For the top one, you can separate out the $9 k\Omega$ resistor at the top, since it's in series with the rest. Now you have a graph with four nodes and five edges. You can assign the variables $V_1$ through $V_4$ to the nodes, but WLOG you can consider the top node to be 0 and the bottom to be 1, so that leaves just the left and right voltages. You then have currents $I_1$ through $I_5$ through the edges. You can then start applying the circuit laws to these variables: for each edge, the current is equal to change in voltage divided by the resistance. The net current through each edge is zero (if you take current flowing in to be positive and current flowing out to be negative, that is). You'll then get a bunch of equations, and solving them will give the effective resistances.

It's probably best to work out what the effective resistances are from basic principles and algebra first, and then try to work through applying Y-Δ to get a sense of how that works.
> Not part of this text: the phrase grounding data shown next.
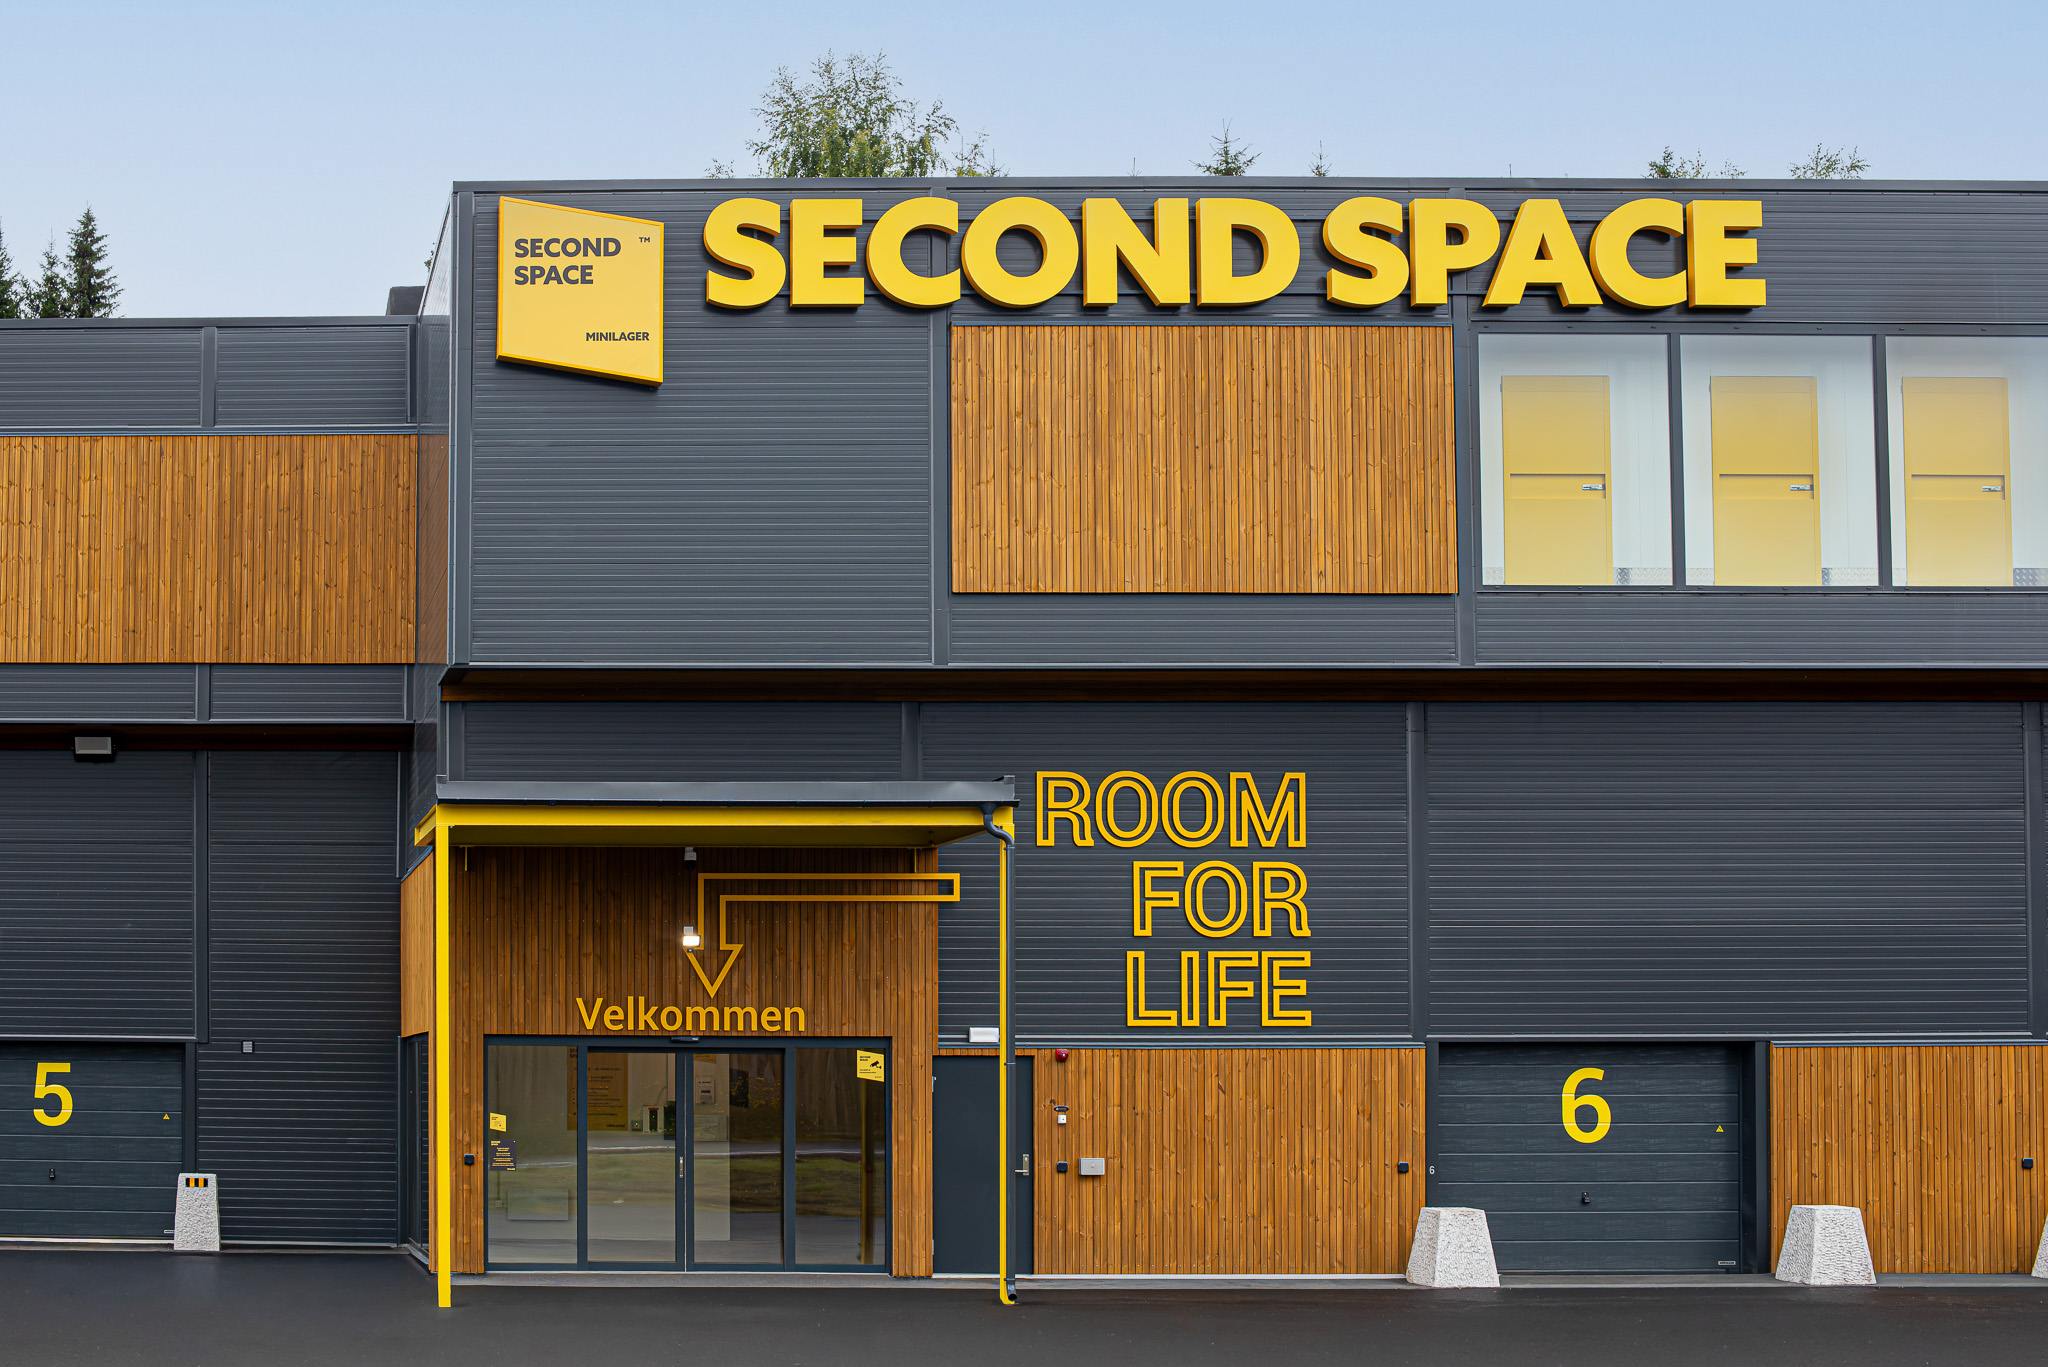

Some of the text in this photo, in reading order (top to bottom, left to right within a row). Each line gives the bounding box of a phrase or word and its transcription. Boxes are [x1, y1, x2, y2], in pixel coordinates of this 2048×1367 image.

[514, 237, 621, 258] SECOND
[514, 265, 594, 285] SPACE
[703, 196, 1767, 309] SECOND SPACE
[585, 331, 650, 342] MINILAGER
[1036, 770, 1307, 848] ROOM
[1132, 860, 1311, 938] FOR
[575, 996, 806, 1032] Velkommen
[1126, 951, 1312, 1027] LIFE
[33, 1062, 73, 1126] 5
[1561, 1067, 1612, 1144] 6
[1429, 1165, 1435, 1175] 6
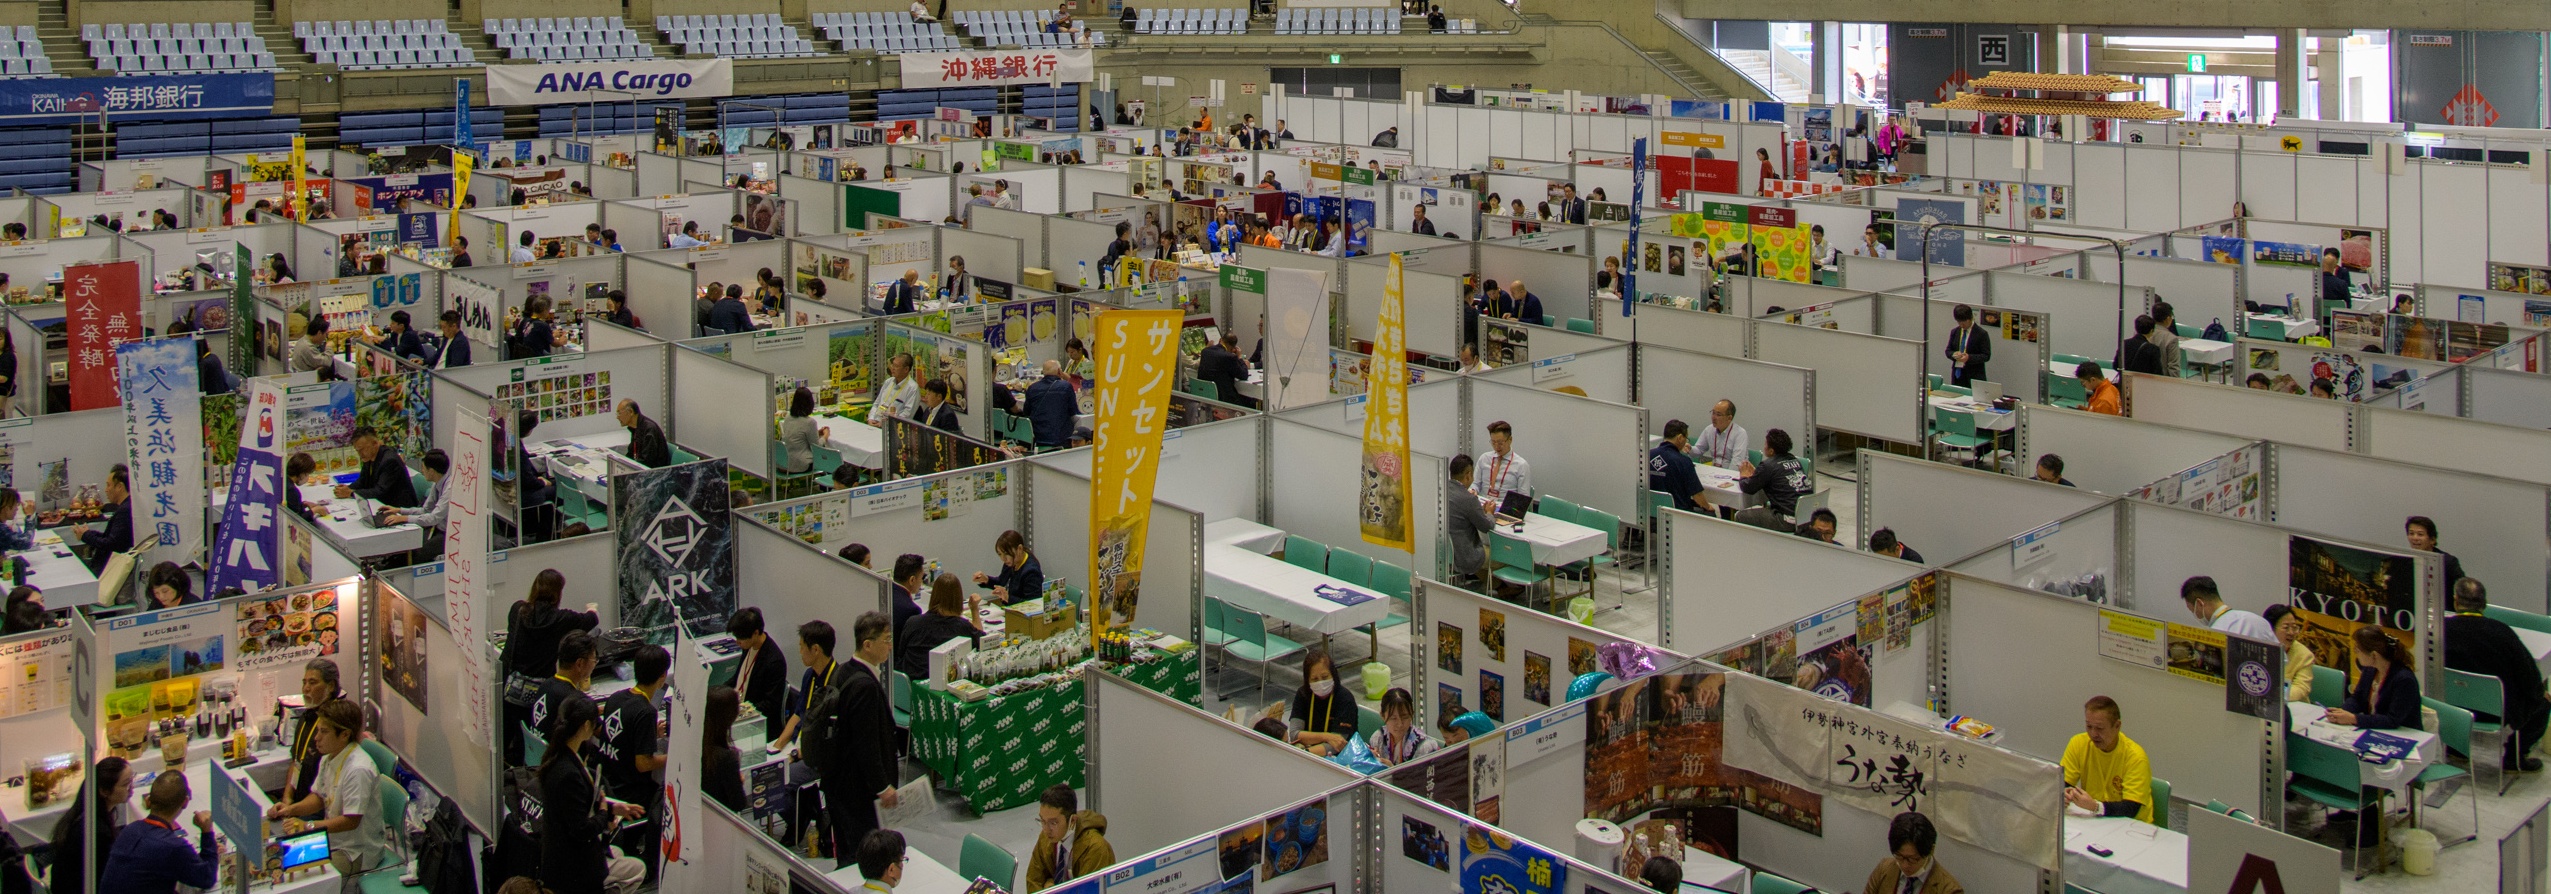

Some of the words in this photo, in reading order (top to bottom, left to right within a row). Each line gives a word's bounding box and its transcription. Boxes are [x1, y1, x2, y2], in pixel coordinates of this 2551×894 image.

[1980, 38, 2007, 63] 西
[941, 55, 1058, 81] 沖縄銀行
[535, 71, 605, 94] ANA
[612, 70, 693, 96] Cargo
[104, 85, 204, 111] 海邦銀行
[530, 181, 563, 193] CACAO
[1116, 319, 1173, 515] サンセット
[642, 568, 713, 605] ARK
[2290, 586, 2416, 632] KYOTO
[1800, 621, 1809, 629] B04
[76, 638, 91, 718] C
[1512, 727, 1523, 737] B03
[1801, 707, 1967, 769] 伊勢神宮外宮奉納うなぎ
[1837, 743, 1927, 812] うな勢
[1115, 869, 1130, 881] B02
[1526, 856, 1553, 888] 楠
Also, any symmetry in the diagram should be preserved in the values. The second circuit has left-right symmetries, so the currents should be symmetrical: the two top resistors should have the same currents as each other, the two outsides diagonal resistors should have the same as each other, and the two inside diagonal should have the same as each other. So you can use just four variables to represent the nine different currents.

The second circuit can be solved easily by perpendicular axis of symmetry.